Transcribe the records below in their entirety, and leave out each image.

Stored data entries
= Beginning of Section =

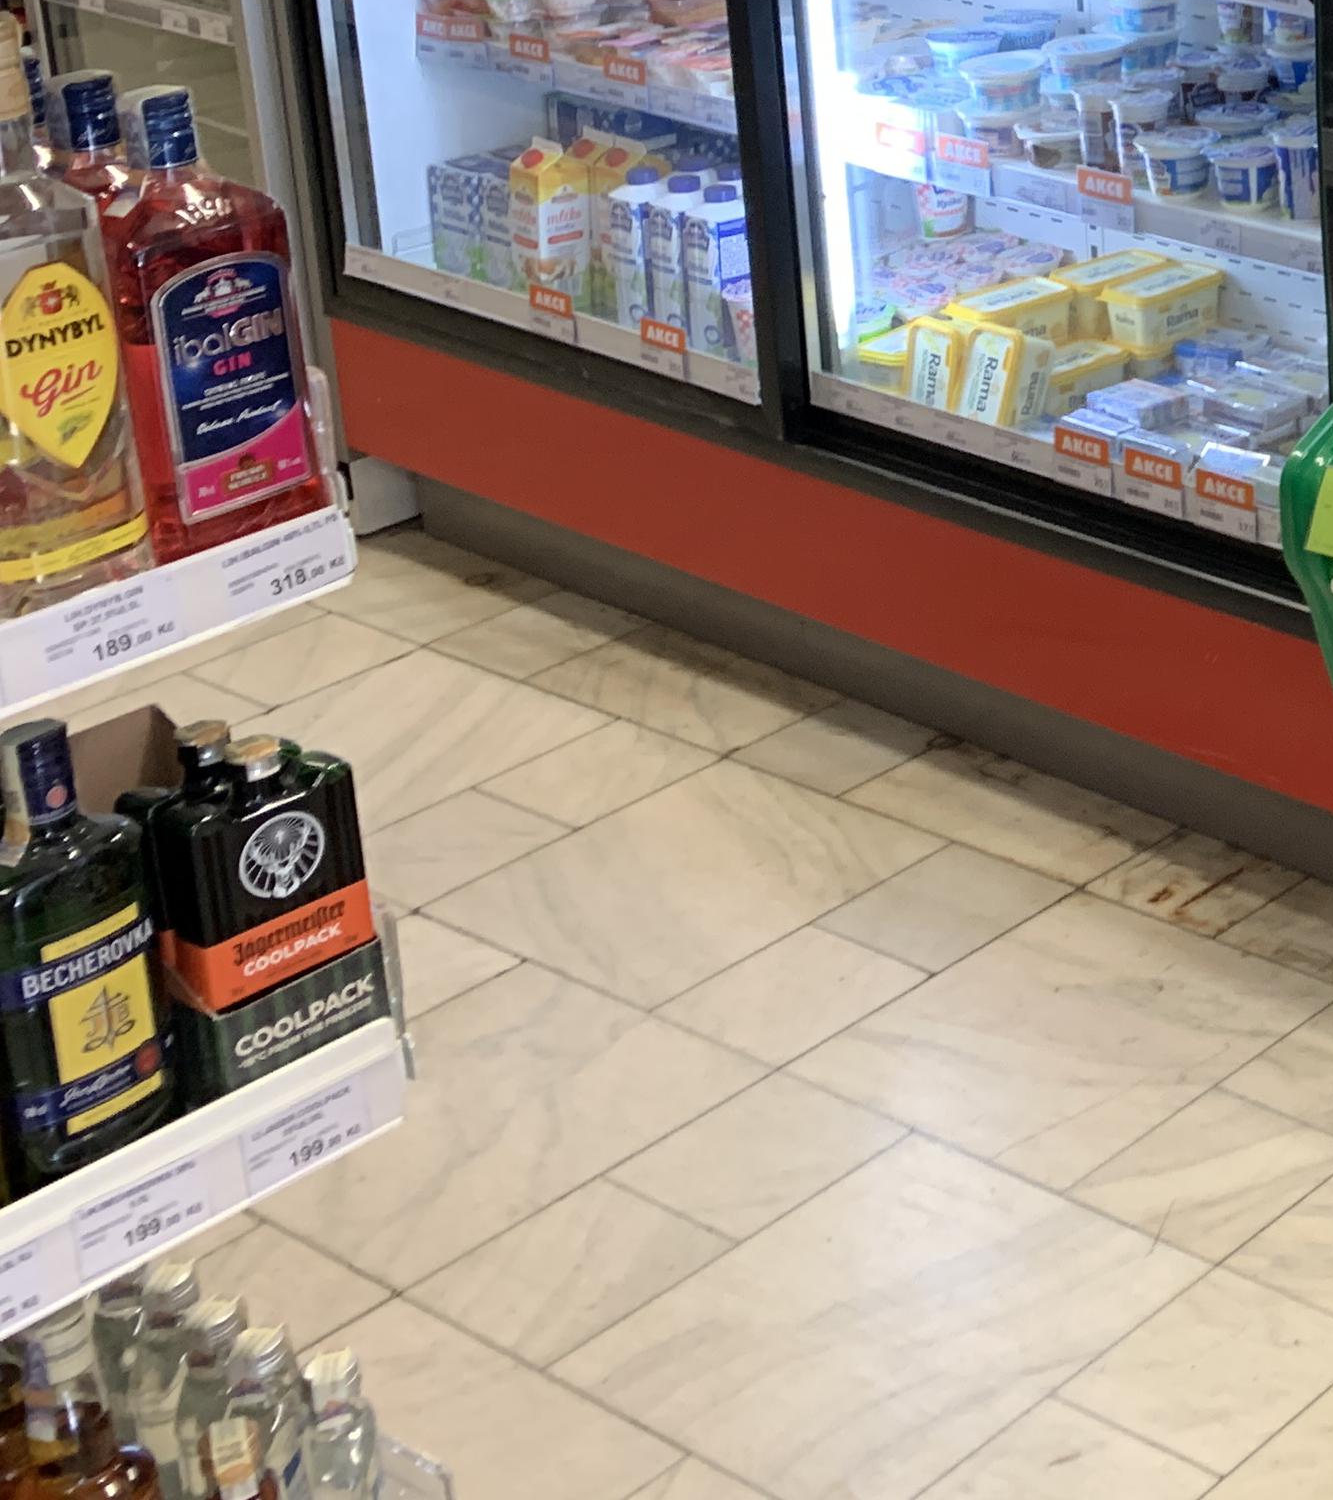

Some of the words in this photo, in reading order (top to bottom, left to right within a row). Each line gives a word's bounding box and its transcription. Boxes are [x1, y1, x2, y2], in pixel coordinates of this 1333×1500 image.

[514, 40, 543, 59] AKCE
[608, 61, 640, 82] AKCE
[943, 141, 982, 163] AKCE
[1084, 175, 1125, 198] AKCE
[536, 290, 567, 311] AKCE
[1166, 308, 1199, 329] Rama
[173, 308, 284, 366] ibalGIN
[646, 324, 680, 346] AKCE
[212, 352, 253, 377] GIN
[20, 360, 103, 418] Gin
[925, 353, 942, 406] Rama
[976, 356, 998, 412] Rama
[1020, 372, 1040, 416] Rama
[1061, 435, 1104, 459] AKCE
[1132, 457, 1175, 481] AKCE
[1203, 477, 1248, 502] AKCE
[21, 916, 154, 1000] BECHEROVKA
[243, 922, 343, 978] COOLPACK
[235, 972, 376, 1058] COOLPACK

= End of Section =

Solution to this task:
Some of the words in this photo, in reading order (top to bottom, left to right within a row). Each line gives a word's bounding box and its transcription. Boxes are [x1, y1, x2, y2], in pixel coordinates of this 1333×1500 image.

[514, 40, 543, 59] AKCE
[608, 61, 640, 82] AKCE
[943, 141, 982, 163] AKCE
[1084, 175, 1125, 198] AKCE
[536, 290, 567, 311] AKCE
[1166, 308, 1199, 329] Rama
[173, 308, 284, 366] ibalGIN
[646, 324, 680, 346] AKCE
[212, 352, 253, 377] GIN
[20, 360, 103, 418] Gin
[925, 353, 942, 406] Rama
[976, 356, 998, 412] Rama
[1020, 372, 1040, 416] Rama
[1061, 435, 1104, 459] AKCE
[1132, 457, 1175, 481] AKCE
[1203, 477, 1248, 502] AKCE
[21, 916, 154, 1000] BECHEROVKA
[243, 922, 343, 978] COOLPACK
[235, 972, 376, 1058] COOLPACK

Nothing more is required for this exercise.